Action item: An exact copy of all the data is required, with pictures left out.

--- Material for this exercise Enclosed Below ---

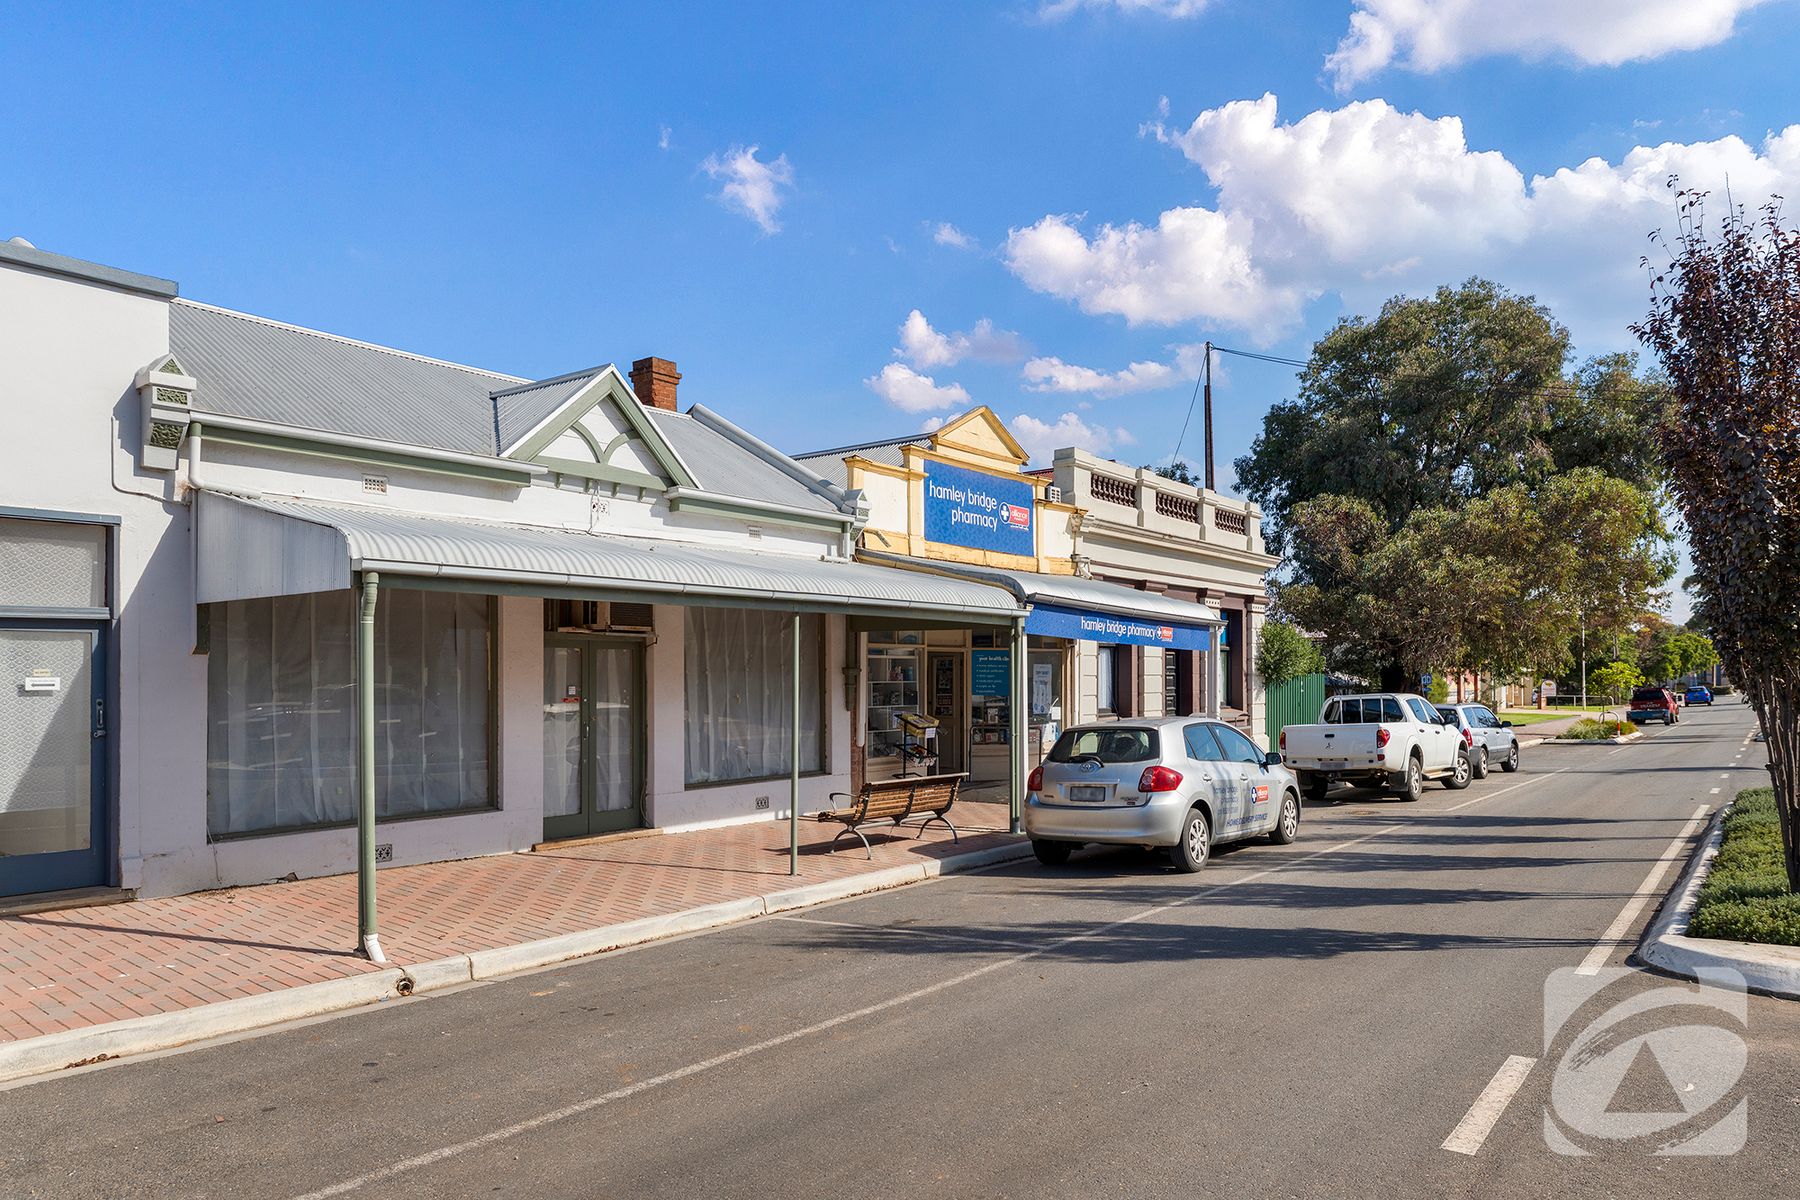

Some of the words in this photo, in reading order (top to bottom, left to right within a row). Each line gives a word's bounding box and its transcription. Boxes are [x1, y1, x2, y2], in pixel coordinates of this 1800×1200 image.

[929, 479, 966, 507] hamley
[968, 488, 998, 513] bridge
[951, 506, 998, 533] pharmacy
[1081, 616, 1106, 634] hamley
[1106, 620, 1127, 636] bridge
[1127, 623, 1156, 640] pharmacy

--- End of Enclosed Material for this exercise ---

Task output:
Some of the words in this photo, in reading order (top to bottom, left to right within a row). Each line gives a word's bounding box and its transcription. Boxes are [x1, y1, x2, y2], in pixel coordinates of this 1800×1200 image.

[929, 479, 966, 507] hamley
[968, 488, 998, 513] bridge
[951, 506, 998, 533] pharmacy
[1081, 616, 1106, 634] hamley
[1106, 620, 1127, 636] bridge
[1127, 623, 1156, 640] pharmacy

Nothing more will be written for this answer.